Prompt —
Retype the listing without any alteration.
[Records for this task — start]
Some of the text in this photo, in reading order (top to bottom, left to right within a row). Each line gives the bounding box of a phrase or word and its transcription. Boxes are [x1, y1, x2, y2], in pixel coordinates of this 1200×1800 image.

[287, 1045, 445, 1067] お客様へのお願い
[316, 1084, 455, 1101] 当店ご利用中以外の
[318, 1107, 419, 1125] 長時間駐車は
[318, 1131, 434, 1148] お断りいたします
[Records for this task — finish]
Response box —
Some of the text in this photo, in reading order (top to bottom, left to right within a row). Each line gives the bounding box of a phrase or word and its transcription. Boxes are [x1, y1, x2, y2], in pixel coordinates of this 1200×1800 image.

[287, 1045, 445, 1067] お客様へのお願い
[316, 1084, 455, 1101] 当店ご利用中以外の
[318, 1107, 419, 1125] 長時間駐車は
[318, 1131, 434, 1148] お断りいたします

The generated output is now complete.